*** Data ***

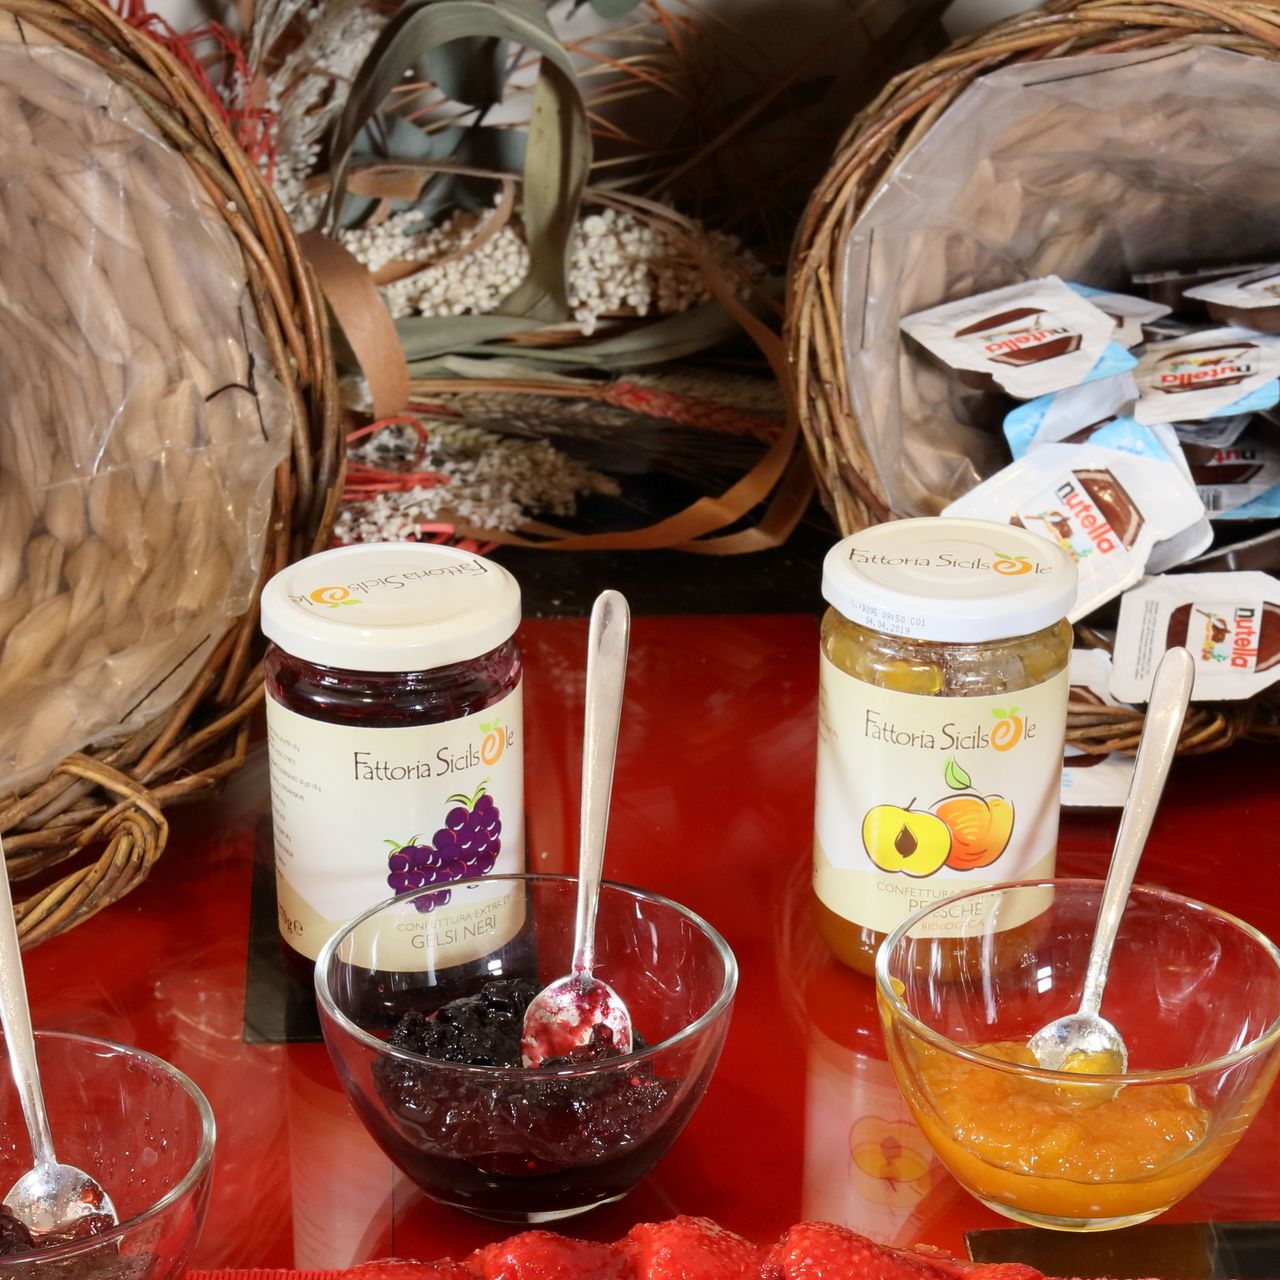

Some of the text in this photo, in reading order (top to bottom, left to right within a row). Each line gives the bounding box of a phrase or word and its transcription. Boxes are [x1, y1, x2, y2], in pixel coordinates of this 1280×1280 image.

[984, 327, 1070, 353] nutella
[1160, 364, 1251, 387] nutella
[1057, 482, 1117, 555] nutella
[403, 559, 489, 581] Fattoria
[849, 548, 930, 567] Fattoria
[1230, 607, 1259, 669] nutella
[864, 709, 935, 749] Fattoria
[354, 751, 431, 781] Fattoria

*** End of Data ***

What to do:
Make an exact copy of the listing above, omitting the pictures.

Problem solution:
Some of the text in this photo, in reading order (top to bottom, left to right within a row). Each line gives the bounding box of a phrase or word and its transcription. Boxes are [x1, y1, x2, y2], in pixel coordinates of this 1280×1280 image.

[984, 327, 1070, 353] nutella
[1160, 364, 1251, 387] nutella
[1057, 482, 1117, 555] nutella
[403, 559, 489, 581] Fattoria
[849, 548, 930, 567] Fattoria
[1230, 607, 1259, 669] nutella
[864, 709, 935, 749] Fattoria
[354, 751, 431, 781] Fattoria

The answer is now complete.